Sul grafico weekly abbiamo una panoramica del prezzo di RENDER, dove si può vedere il suo andamento dal picco registrato a luglio dell’anno scorso, da dove poi si è avviata una fase di contrazione che ha incluso anche il flash crash di ottobre con un minimo a 0,426 USDT. Il trend è proseguito al ribasso fino alla fine del 2025, quando ha chiuso l’anno a -81%.
A inizio gennaio 2026 c’è stata una fase di rimbalzo con un picco massimo a 2,712 USDT e poi una fase di contrazione del prezzo che ha fatto base nell’area di congestione evidenziata sul grafico sopra gli 1,35 USDT. Con marzo c’è stato il primo tentativo di reazione rialzista che ha portato RENDER sull’area di resistenza a 1,92 USDT evidenziata nell’analisi del 6 marzo:
. .. la resistenza più rilevante che passa da 1,92 USDT.
Alessandro Lavarello – Trader professionista e analista di Criptovaluta.it®
Qui il prezzo di Render si è fermato ritracciando sino al breakout attualmente in atto.
Scenario di breve termine di Render

Sul grafico daily adesso RENDER ha come obiettivo successivo un allungo verso la zona di resistenza che passa a 2,35 USDT. A salire può arrivare verso la zona dei 3 USDT, dove poco sotto passa anche la media mobile (SMA 50). Sul lato corto invece Render ha un livello di supporto che transita a 1,635 USDT. Una perdita di questo livello potrebbe riavviare una fase di contrazione del prezzo.
Panoramica weekly di Near Protocol
Near Protocol (NEAR) attualmente quota 1,344 USDT e su base settimanale segna la seconda settimana consecutiva di rialzo con un +7,60%, che porta il mese di aprile a un +13%. Resta invece in rosso da inizio anno con un -11%.

Sul grafico weekly abbiamo una panoramica del prezzo di NEAR con l’andamento dell’anno scorso, dove il prezzo è rimasto in un’ampia congestione per circa 6 mesi.
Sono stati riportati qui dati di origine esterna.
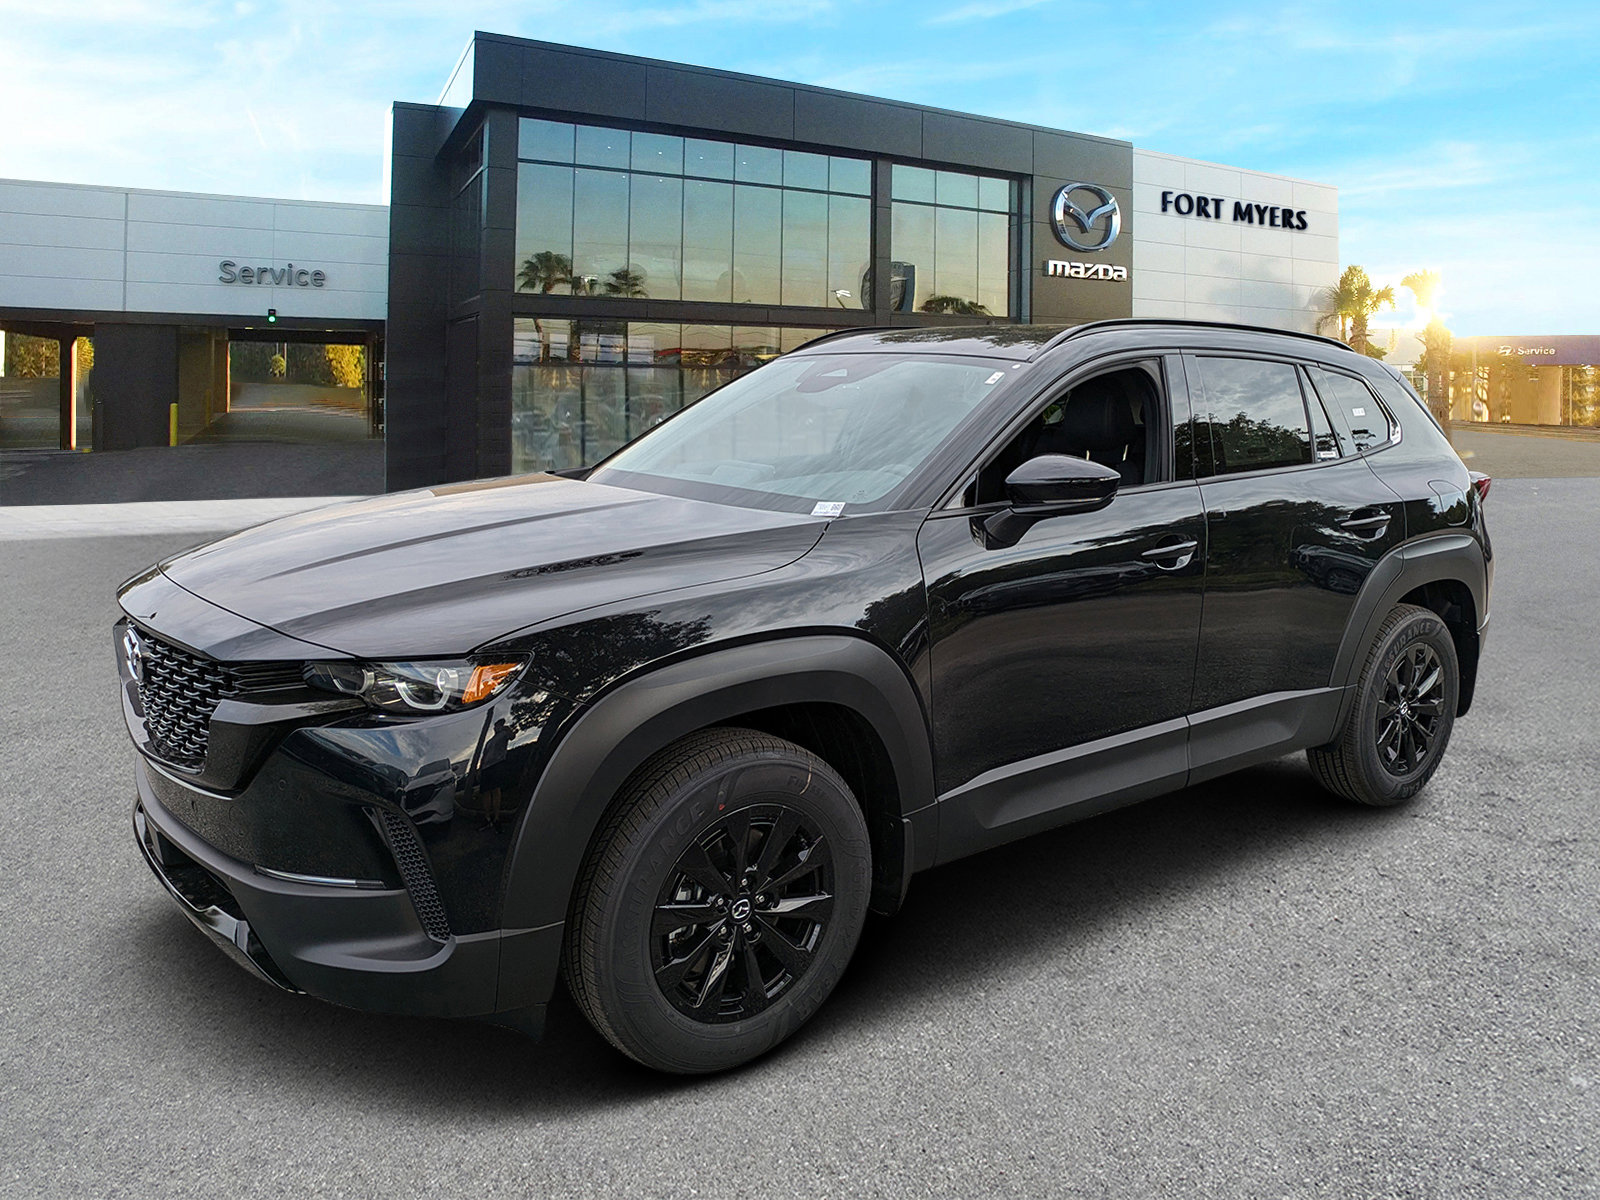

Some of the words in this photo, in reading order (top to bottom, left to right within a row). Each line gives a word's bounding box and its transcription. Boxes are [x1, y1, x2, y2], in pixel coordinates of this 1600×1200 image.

[1161, 191, 1225, 219] FORT
[1233, 201, 1309, 230] MYERS
[218, 260, 326, 287] Service
[1517, 346, 1556, 355] Service
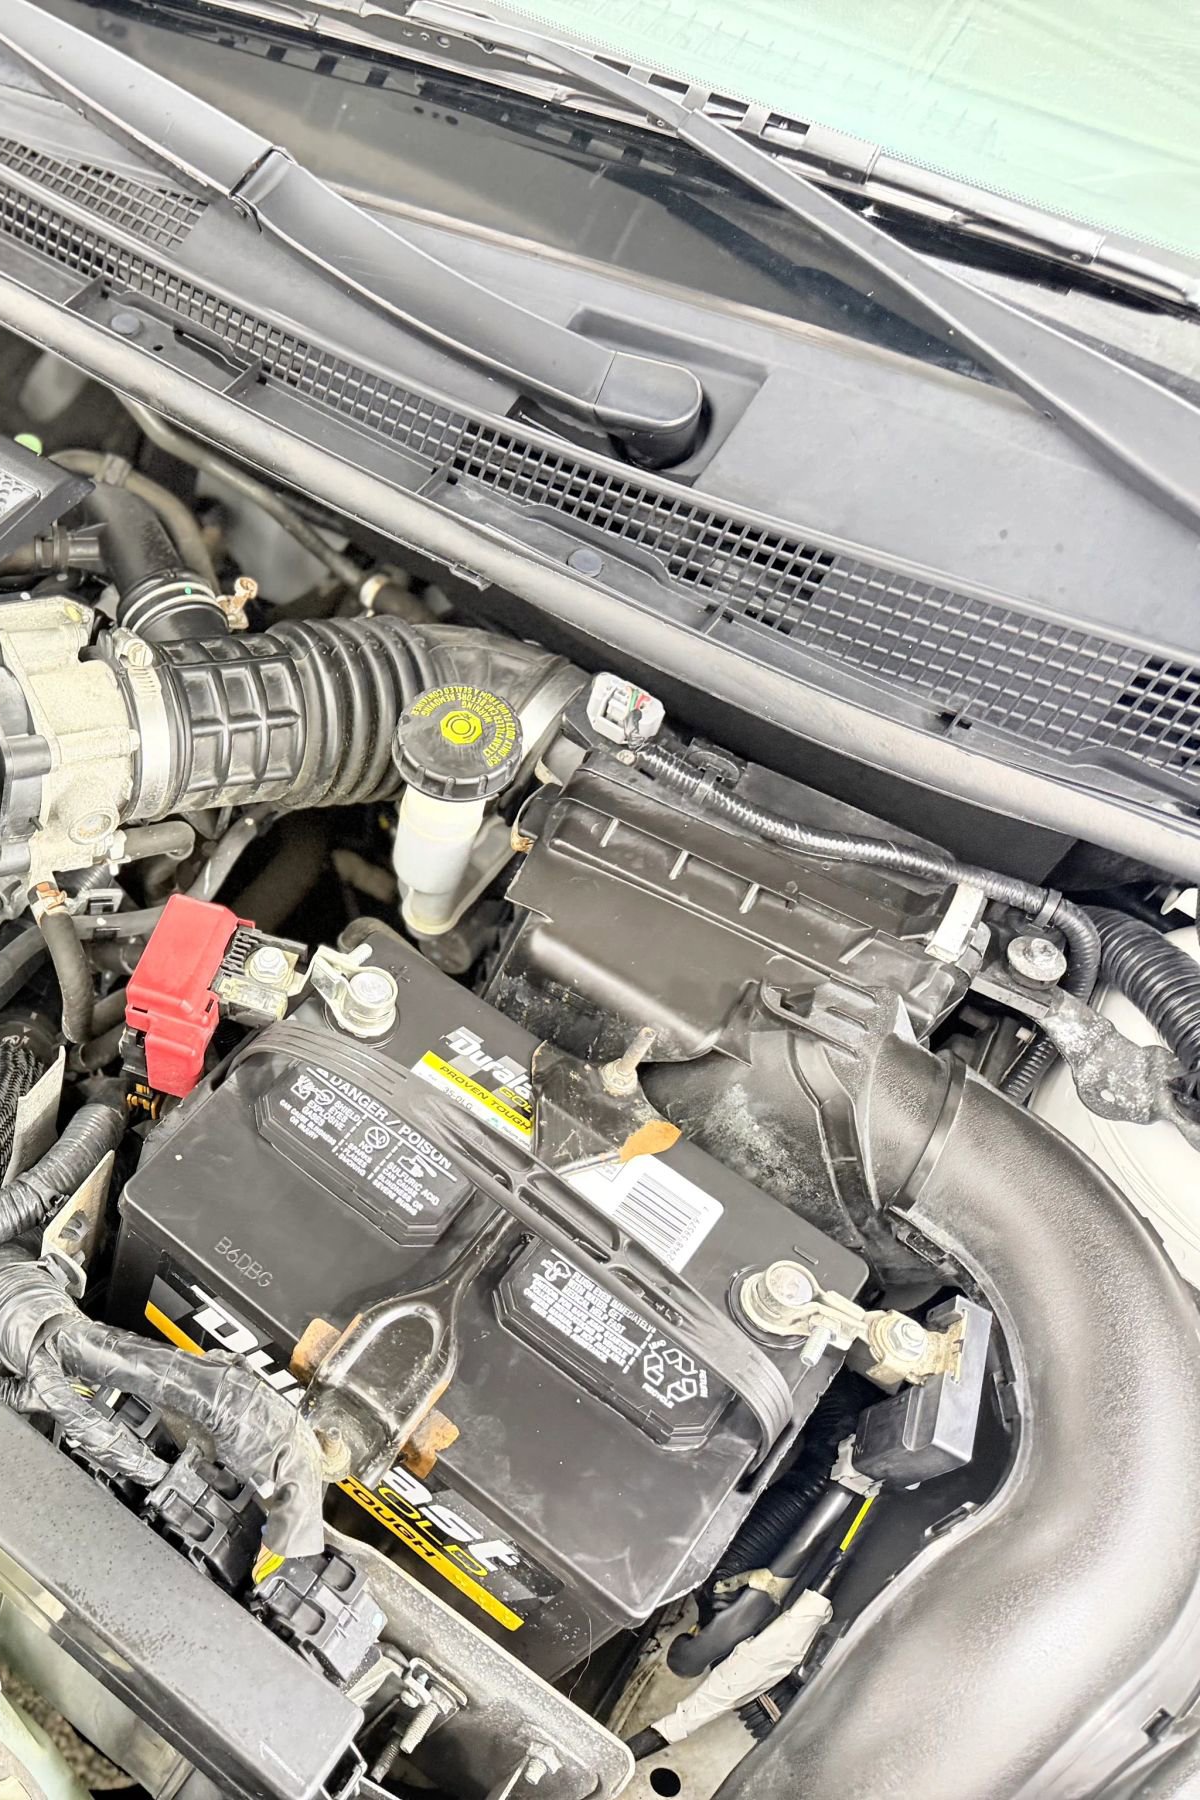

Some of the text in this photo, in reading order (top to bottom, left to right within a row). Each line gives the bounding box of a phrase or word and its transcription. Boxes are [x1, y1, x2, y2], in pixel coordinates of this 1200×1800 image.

[420, 693, 455, 716] REMOVING
[456, 692, 486, 707] BEFORE
[461, 700, 492, 723] WARNING
[483, 703, 498, 716] CAP
[447, 1030, 533, 1098] Durala
[439, 1064, 488, 1101] PROVEN
[490, 1100, 531, 1131] TOUGH
[300, 1105, 325, 1127] GASES
[306, 1099, 345, 1131] EXPLOSIVE
[327, 1105, 348, 1123] EYES
[330, 1075, 389, 1119] DANGER
[398, 1123, 452, 1170] POISON
[333, 1099, 361, 1123] SHIELD
[357, 1140, 373, 1154] NO
[381, 1167, 396, 1181] CAN
[385, 1160, 423, 1192] SULFURIC
[214, 1236, 273, 1287] B6DBG
[571, 1271, 595, 1292] FLUSH
[610, 1298, 653, 1333] IMMEDIATELY
[606, 1316, 626, 1335] FAST
[341, 1478, 438, 1558] TOUGH
[378, 1483, 488, 1576] OLD
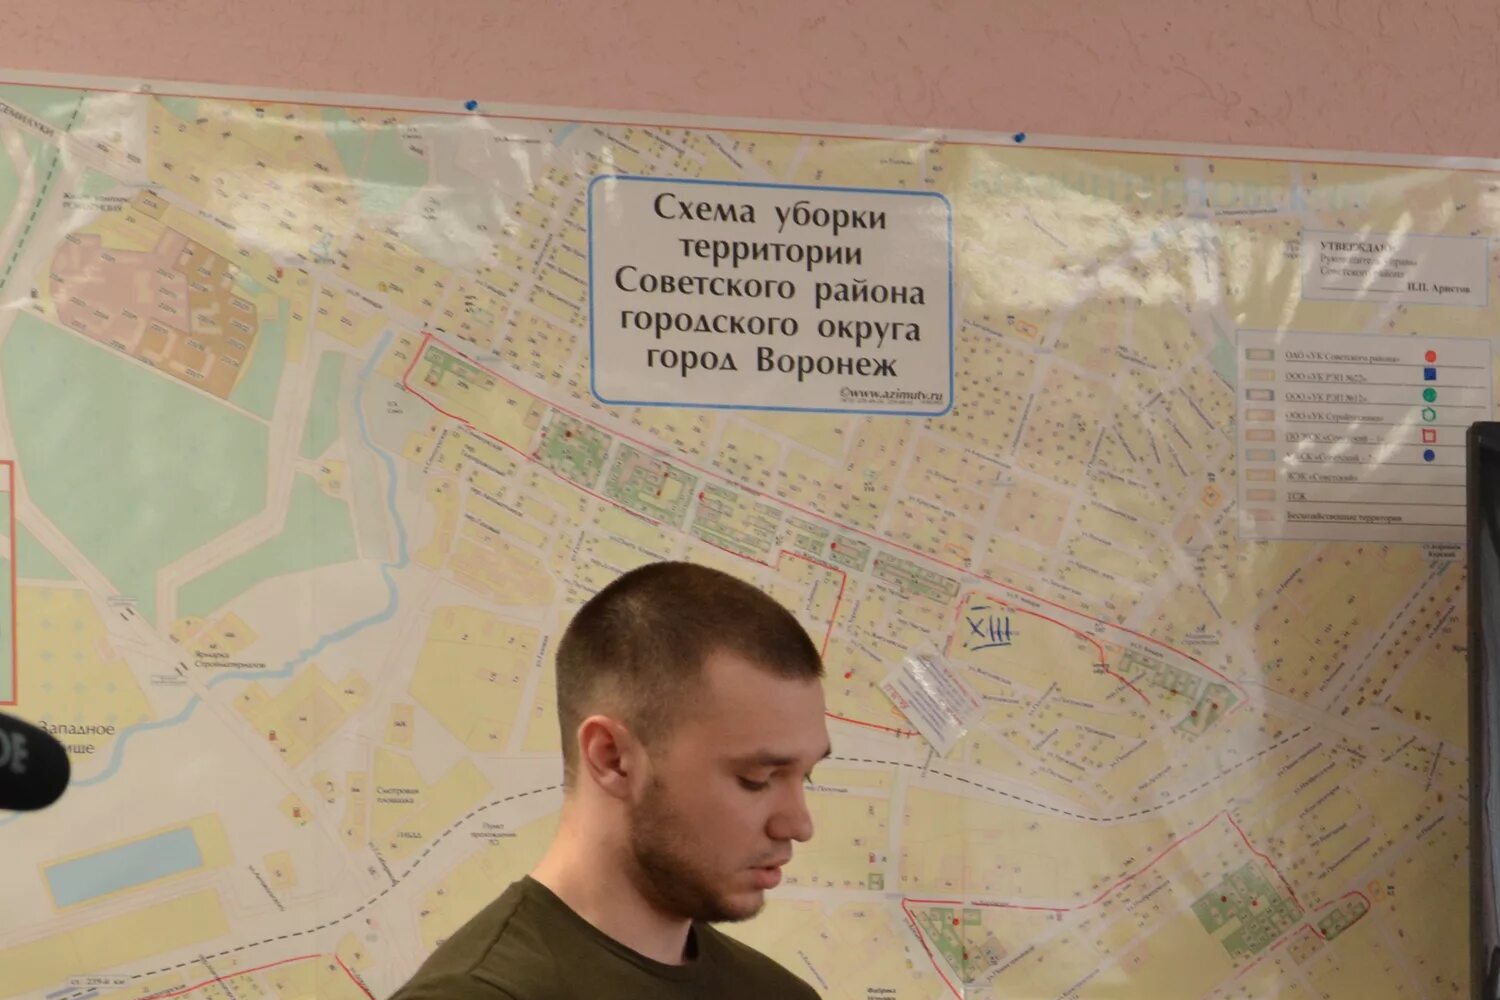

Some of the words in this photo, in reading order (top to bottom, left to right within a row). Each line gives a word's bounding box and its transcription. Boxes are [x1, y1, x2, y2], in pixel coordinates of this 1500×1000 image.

A novembre si è verificato il breakdown, con un’accelerazione ribassista proseguita fino a febbraio 2026, quando il prezzo ha toccato un minimo a 0,84 USDT.
NEAR a contatto con la resistenza
Da qui è scattata una fase di rimbalzo che si è fermata per un paio di settimane a marzo sulla resistenza degli 1,375 USDT, da dove ha ritracciato su quello che è il supporto di breve termine in area 1,20 USDT.
Adesso il prezzo di NEAR è nuovamente in rimbalzo e si trova a contatto con l’area di resistenza degli 1,35 USDT. Un breakout di questo livello ha poi come obiettivo successivo un allungo di NEAR verso la resistenza vettoriale degli 1,80 USDT, sulla zona dei massimi di inizio 2026.